CRS Timor Leste has implemented the Smart & Safe (S&S) prevention project as a sub-grantee of the Ministry of Health’s Global Fund Round 5 HIV grant since January 2008. The S&S project targets clients of sex workers in four districts using A and B social behavior change communication strategies and promotion of early (VCT) testing as a partner to the MoH HIV prevention program that focuses its intervention on higher risk groups such as Commercial Sex Workers (CWS), Men who have Sex with Men (MSM) and Clients of Sex Workers (CSW).

The approach of the MoH has proven successful in a number of ways including: an increased awareness of HIV and unsafe behavior and a greater uptake of VCT services among these higher risk groups; government, civil society and faith based organizations are paying more attention to these marginalized groups in society which has given many beneficiaries the strength to make important life-changing decisions continuing towards healthier lives.

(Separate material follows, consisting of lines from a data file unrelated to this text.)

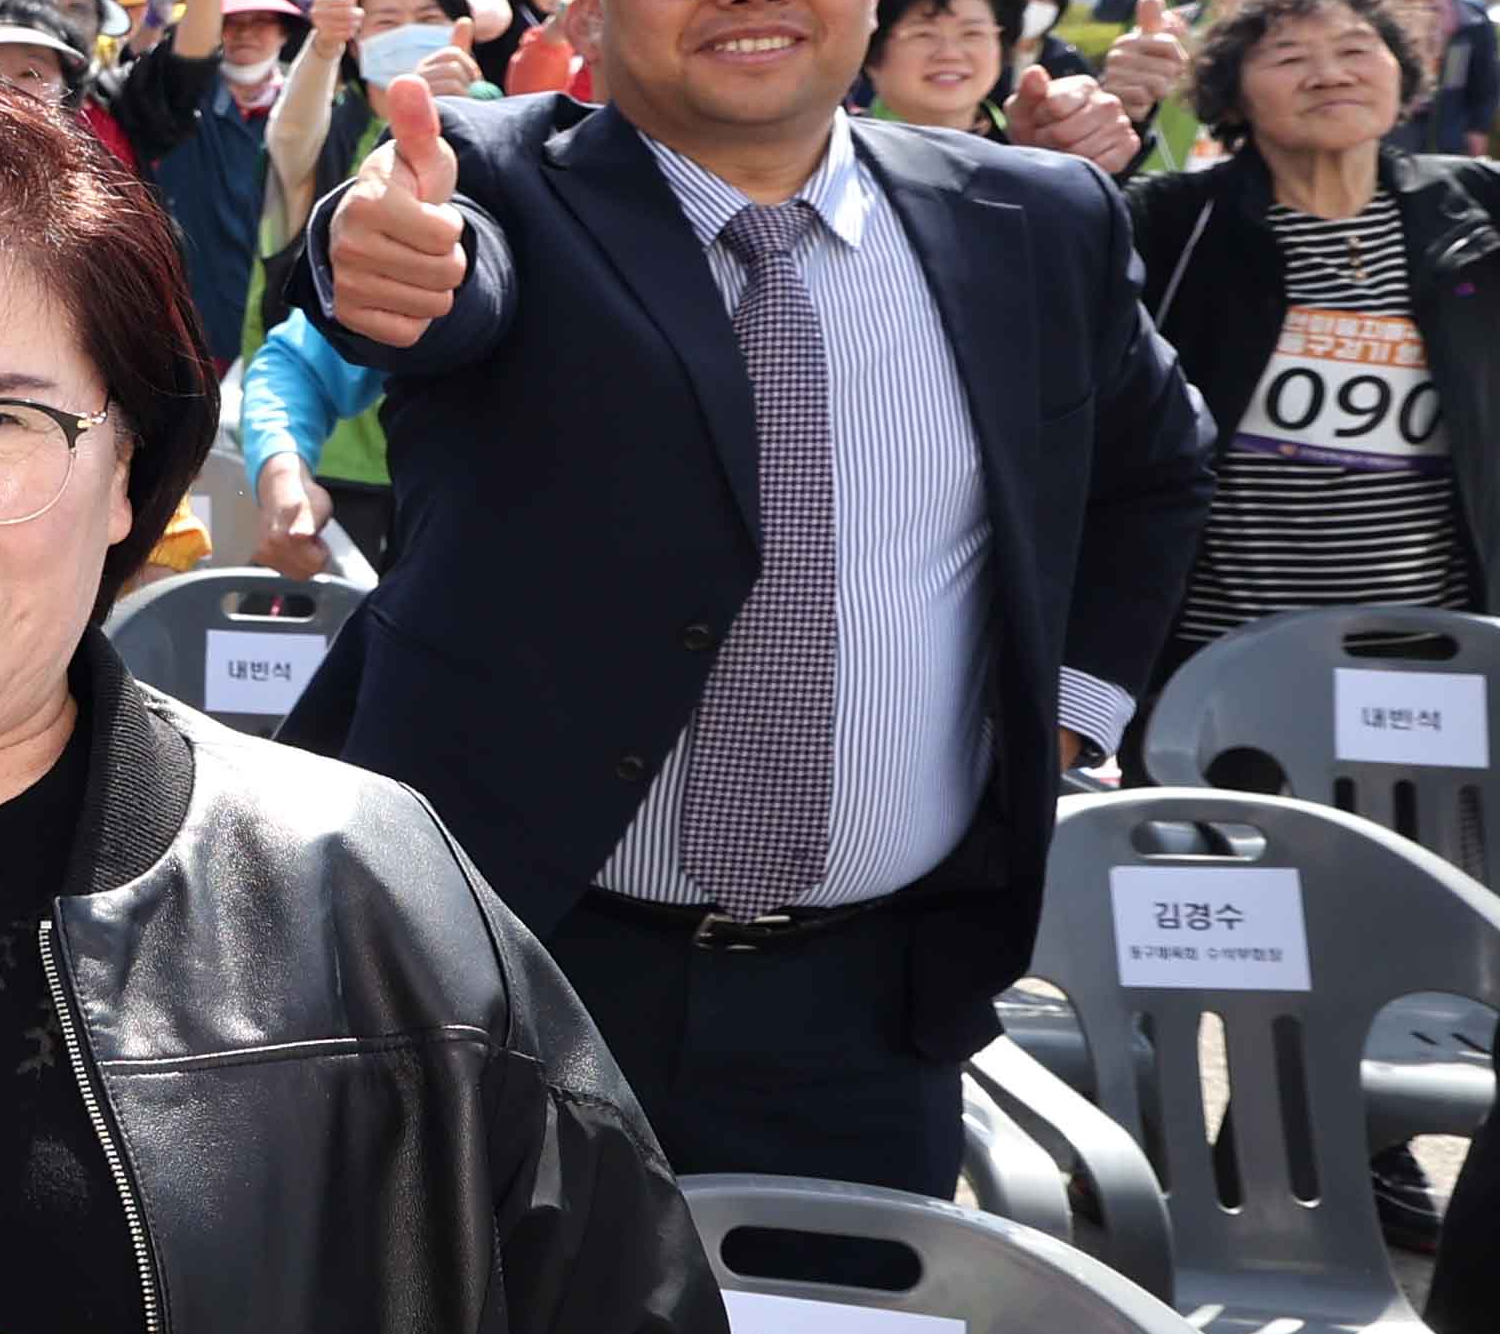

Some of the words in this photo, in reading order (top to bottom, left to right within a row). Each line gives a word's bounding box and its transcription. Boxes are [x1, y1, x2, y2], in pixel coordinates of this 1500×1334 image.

[1265, 367, 1442, 445] 090
[228, 660, 292, 682] 내빈석
[1153, 902, 1245, 931] 김경수
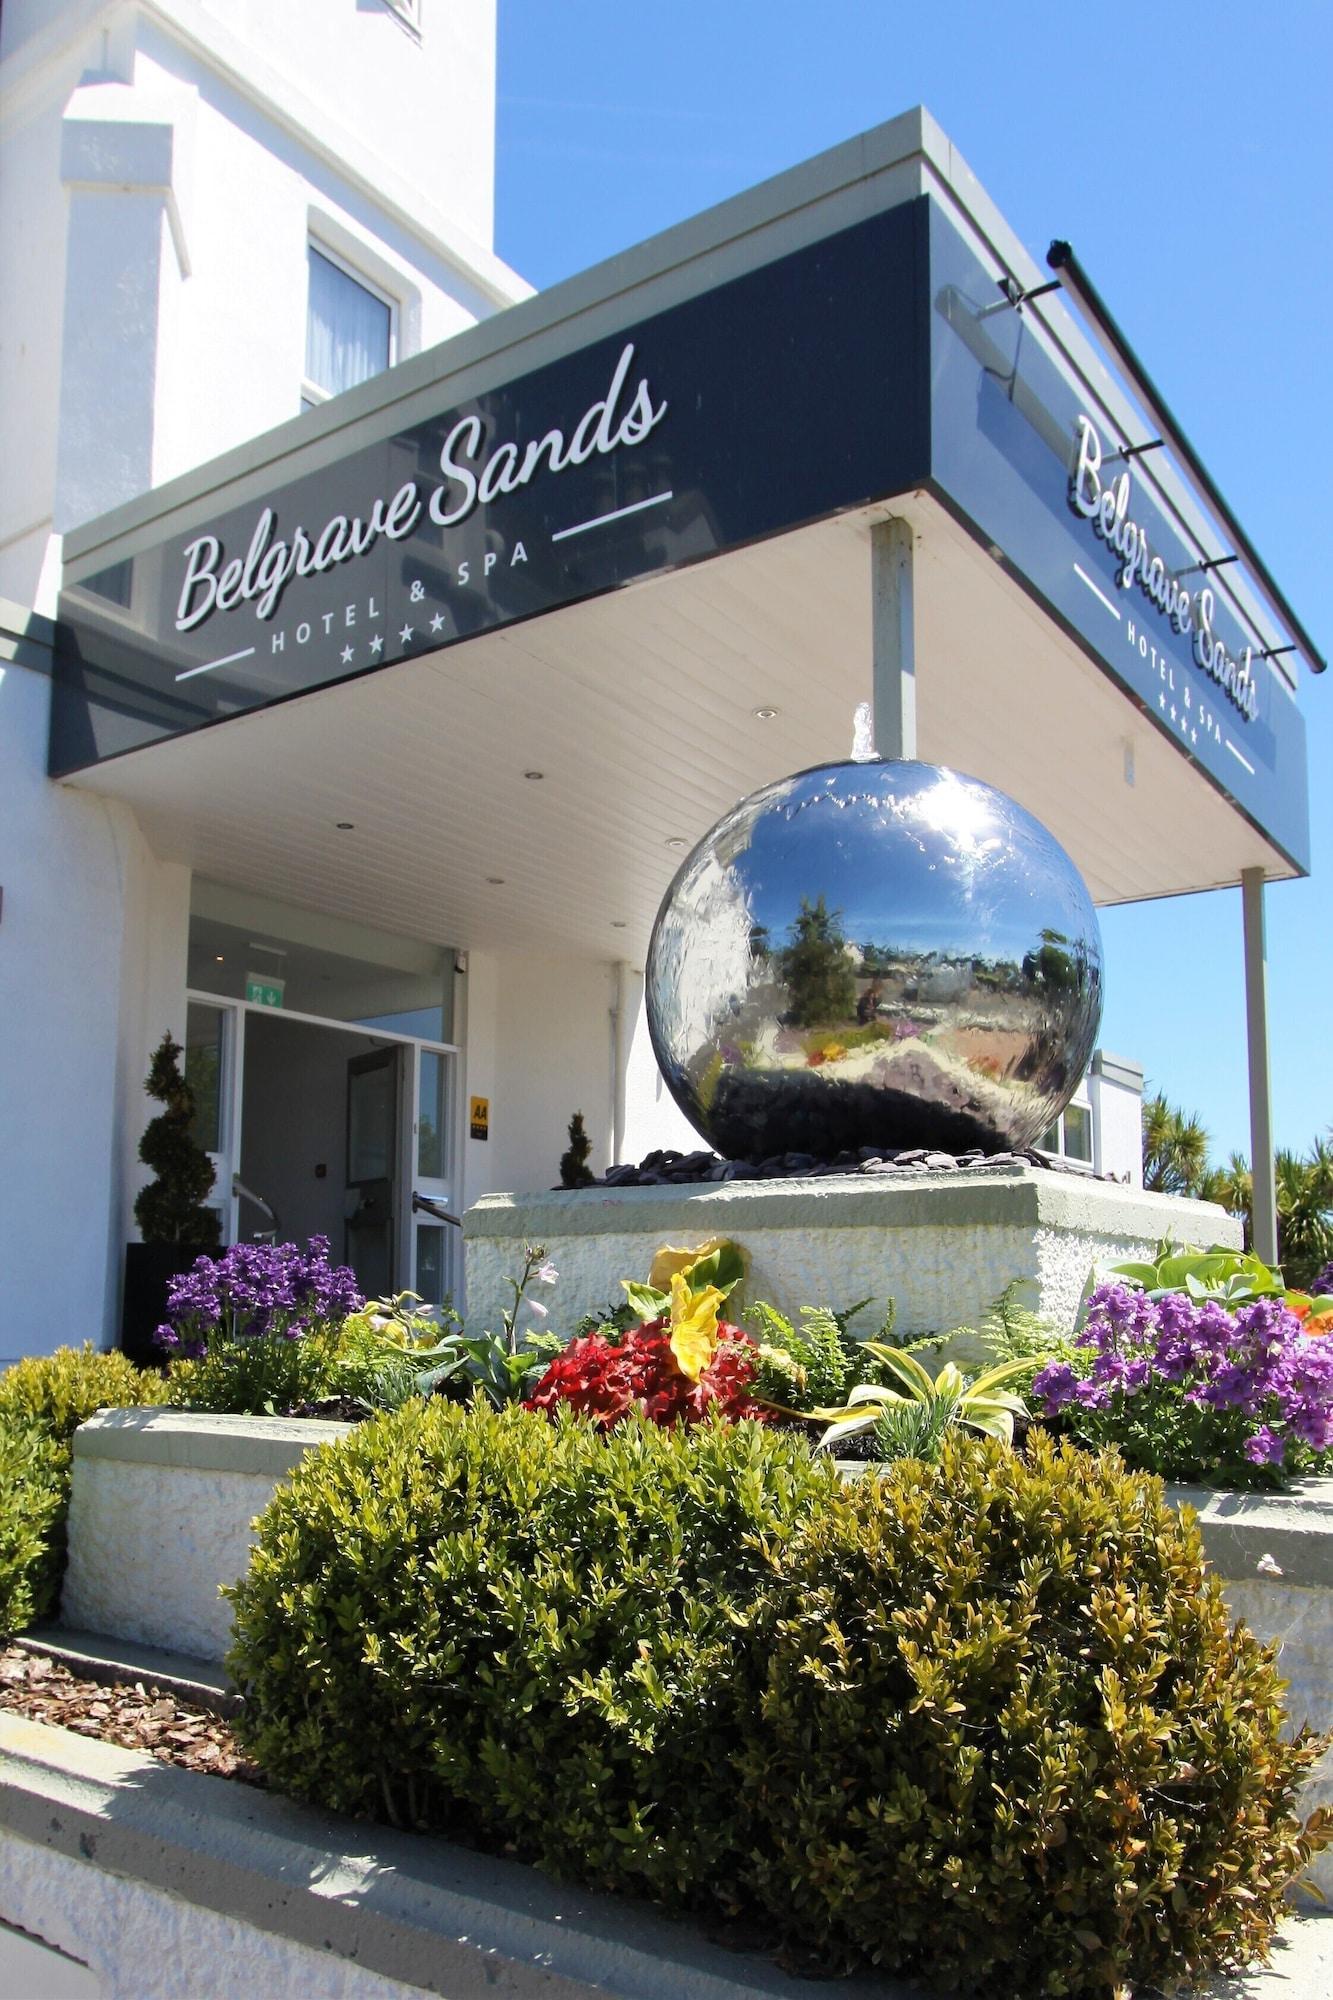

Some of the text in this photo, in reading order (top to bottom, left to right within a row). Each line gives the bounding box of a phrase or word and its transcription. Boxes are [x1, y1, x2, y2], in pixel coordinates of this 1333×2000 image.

[175, 342, 667, 632] Belgrave Sands
[271, 541, 529, 655] HOTEL & SPA
[1076, 414, 1260, 721] Belgrave Sands
[1127, 620, 1222, 743] HOTEL & SPA
[473, 1104, 487, 1121] AA

However, S&S staff and volunteers have over the past two years identified that a considerable segment of the population at risk of HIV and other STIs are not being reached with current HIV and STI prevention messages because they either don’t consider themselves at risk or because they don’t know that they are at risk. For example, many wives and partners of CSW, MSM and CSW don’t always understand that they too are at risk of HIV and many are unaware of their partner’s unsafe behaviors. Another group that should be considered high risk is ‘youth’. However, as they have not yet been identified as high risk by the national intervention program there are only a few projects that focus directly on the needs and experiences of young men and women in Timor Leste. An unfortunate side effect of the Timor Leste prevention strategy that is becoming obvious is the stigma attached to accessing VCT services; since only people at risk need to do an HIV test, the assumption of the general public is that a person testing for HIV is involved in transactional sex and so the ramification of discrimination in society leads to a significant decrease in people testing for HIV.

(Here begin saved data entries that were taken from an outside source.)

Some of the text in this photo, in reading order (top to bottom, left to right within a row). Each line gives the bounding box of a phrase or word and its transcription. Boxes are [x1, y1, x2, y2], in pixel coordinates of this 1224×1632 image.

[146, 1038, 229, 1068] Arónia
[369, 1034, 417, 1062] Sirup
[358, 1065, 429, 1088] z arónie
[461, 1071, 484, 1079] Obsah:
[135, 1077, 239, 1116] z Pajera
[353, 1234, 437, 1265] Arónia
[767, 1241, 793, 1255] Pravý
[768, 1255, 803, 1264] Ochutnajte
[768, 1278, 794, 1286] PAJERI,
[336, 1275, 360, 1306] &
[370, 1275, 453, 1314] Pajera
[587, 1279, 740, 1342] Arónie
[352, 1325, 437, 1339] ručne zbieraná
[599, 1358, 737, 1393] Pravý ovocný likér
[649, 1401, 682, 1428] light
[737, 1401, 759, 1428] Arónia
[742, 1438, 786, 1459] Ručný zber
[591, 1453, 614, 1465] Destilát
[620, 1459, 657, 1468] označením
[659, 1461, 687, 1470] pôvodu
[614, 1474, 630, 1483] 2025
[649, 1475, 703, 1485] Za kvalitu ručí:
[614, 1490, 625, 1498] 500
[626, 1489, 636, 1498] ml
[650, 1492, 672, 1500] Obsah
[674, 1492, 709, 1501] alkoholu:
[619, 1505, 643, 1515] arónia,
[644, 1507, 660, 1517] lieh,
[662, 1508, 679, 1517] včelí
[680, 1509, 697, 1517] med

For World AIDS Day (WAD) this year the CRS S&S team decided to try to deepen the general public’s understanding of HIV and VCT services with the rationale that a greater understanding and knowledge of HIV and risk will encourage a greater number of people to access VCT. By reaching ‘new groups’ (such as, but not limited to, partners of CSW, MSM, CSW and Youth) the S&S project wishes to encourage a more heterogeneous VCT client uptake which will assist to combat the stigmatization of marginalized groups and build the confidence and professionalism of the VCT counselors.

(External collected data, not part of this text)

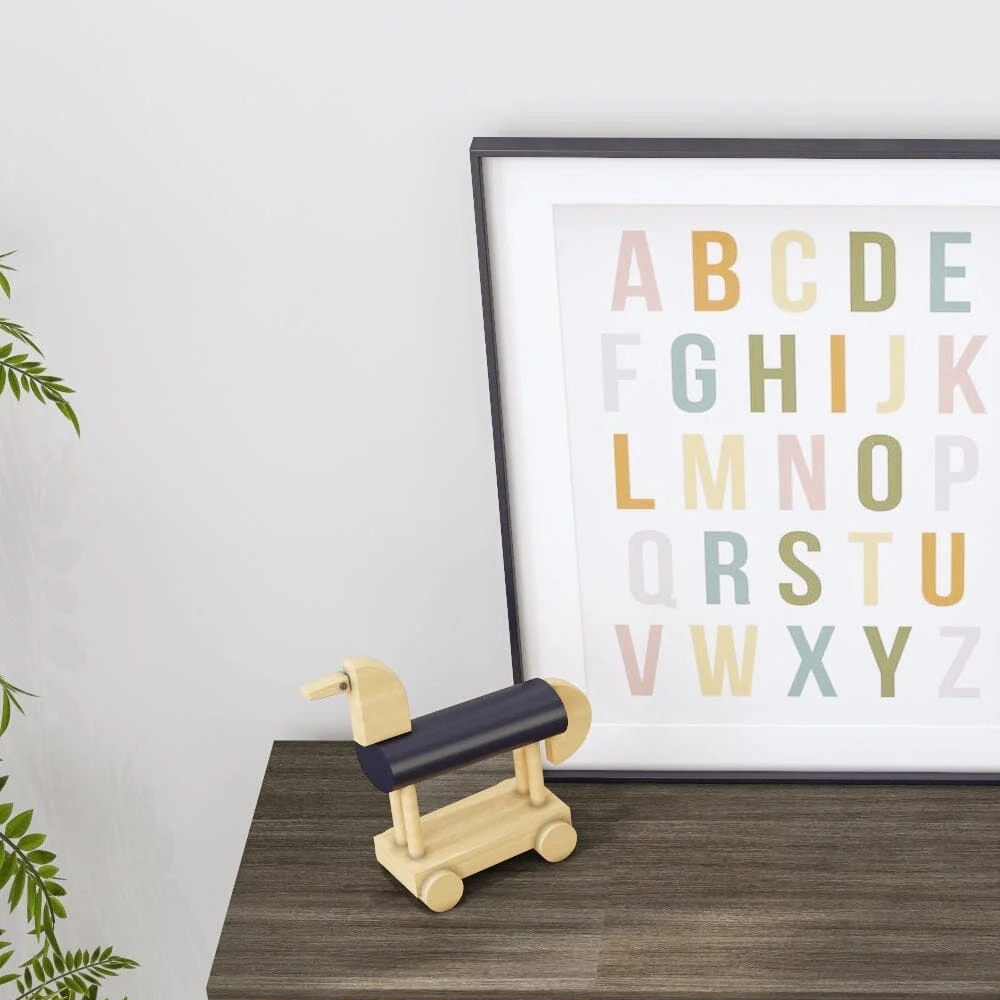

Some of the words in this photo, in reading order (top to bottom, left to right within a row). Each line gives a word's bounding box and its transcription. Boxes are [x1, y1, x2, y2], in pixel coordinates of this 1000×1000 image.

[611, 230, 663, 311] A
[691, 230, 740, 312] B
[770, 230, 817, 313] C
[849, 231, 897, 312] D
[929, 231, 971, 312] E
[601, 333, 641, 412] F
[670, 333, 716, 413] G
[748, 334, 797, 413] H
[830, 334, 846, 413] I
[876, 334, 905, 414] J
[938, 334, 988, 414] K
[613, 434, 655, 509] L
[682, 434, 745, 510] M
[777, 434, 826, 511] N
[857, 434, 902, 511] O
[934, 435, 980, 511] P
[628, 530, 677, 609] Q
[704, 531, 750, 605] R
[778, 531, 822, 606] S
[849, 532, 893, 606] T
[921, 532, 965, 607] U
[614, 625, 663, 696] V
[690, 625, 758, 697] W
[787, 626, 838, 697] X
[862, 626, 912, 698] Y
[938, 626, 982, 698] Z

Together with CRS partners in Baucau, the second largest city in Timor Leste, CRS implemented a very successful WAD celebration under the global theme of ‘Universal Access’.

Not only did representatives from government district authorities such as Justice, Public Transport, Security and Health take part in the hour long campaign drive through central Baucau but many high profile participants attended the Mass conducted by Father Basilio Pereira and took part in the HIV quiz show held at the Baucau Diocese. The final event of WAD took place at the Regional Hospital in Baucau where a number of participants were publicly counseled and tested for HIV; among the pioneers that took part in this event was the District Administrator of Baucau, Mr. Antonio Guterres, and the Police District Commander, Mr. Armindo da Silva. Journalists from three leading news papers also tested for HIV and later wrote about their experiences in WAD specials. Mr. Antonio Guterres and all the other participants have shown the way in Baucau towards an important change in communities’ perception of risk and HIV in Timor LesteAntonio and Armindo are the two highest level civil servants that have tested publicly for HIV in Timor Leste and this is expected to have an impact on VCT service uptake in a country where the greatest barrier to effective HIV prevention is fear of stigmatization.